Column G - Record Content
Column G details the main content of the audit record at the time of this audit entry. In the majority of cases, this includes what was changed or added to the system as part of this action. This column provides the most detail of what was done or changed here, allowing you to check the data is up-to-date or re-add information where necessary.
For example, where an appointment has been added or modified you'll see details of it's location, client, diary user, appointment type, etc. Consultation notes you may have recorded will also appear here, they'll look a little strange as they'll be enclosed within styling text. If you copy and paste this elsewhere then it's easy to remove this styling and just get to the plain text which can then be re-input into PPS.
Contact email@example.com should you require any assistance with a particular entry in this column.
Column H - Index Key
This number can help you locate this particular audit entry within your PPS system should you want to check any other changes made to it since the server issue, as you may have already replace this information.

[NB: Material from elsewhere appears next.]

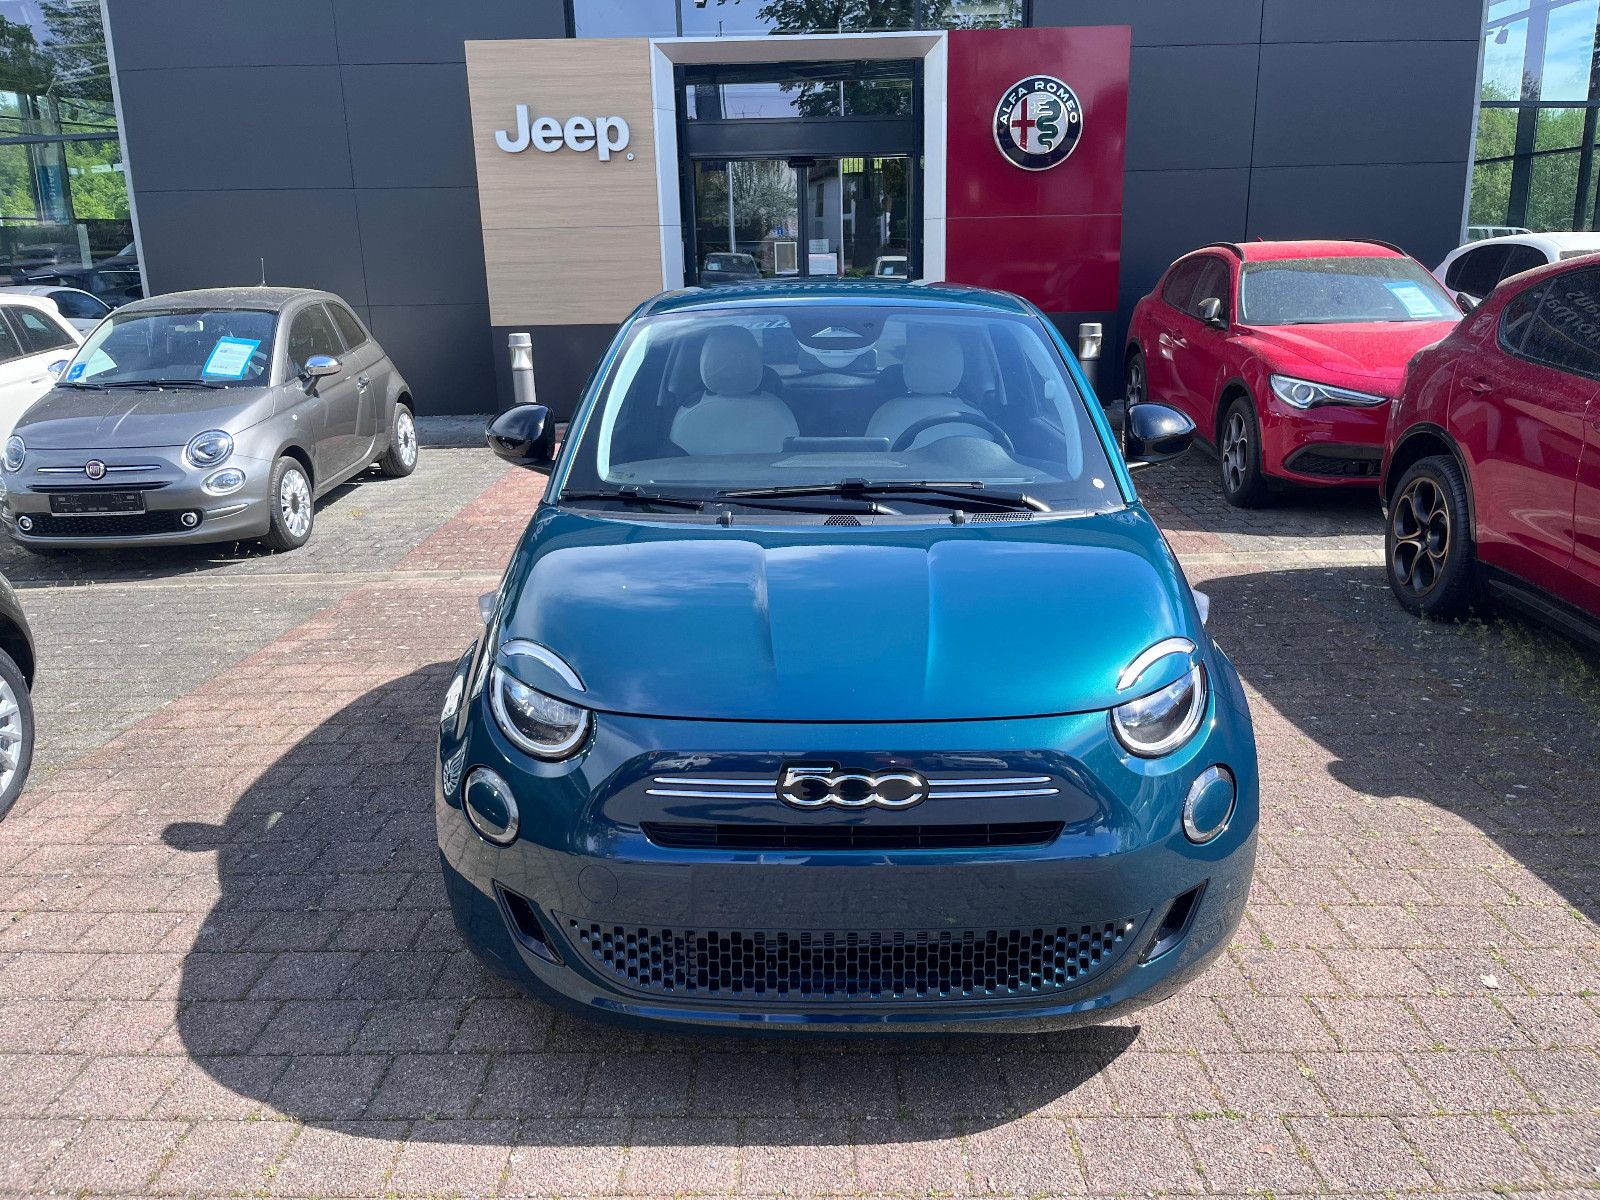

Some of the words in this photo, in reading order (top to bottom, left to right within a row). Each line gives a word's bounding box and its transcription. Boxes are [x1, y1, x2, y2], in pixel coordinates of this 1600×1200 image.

Copy the number and navigate to Tools > Database Maintenance > View Database Audit. If you have permission to access the audit then paste the number into the Index Key field and press Go.
An older entry? If you're searching an older entry and not all records are showing then head to the "Select which Audit file to view" dropdown at the top of the audit and choose "All", your search will take longer but will retrieve all historic results for this index key, going beyond the last time your audit was archived.
Column J - Processed
If you sync with other PPS systems then instances where an entry is marked is PROCESSED it will have synced from this PPS database to your others. Should this record now be missing from your Hosted database the best method to restore it is to locate the record on another system in your sync family, make a small change to it (adding a . for example) will cause it to sync back into the system where it is missing, and you won't need to re-add which can create duplicates.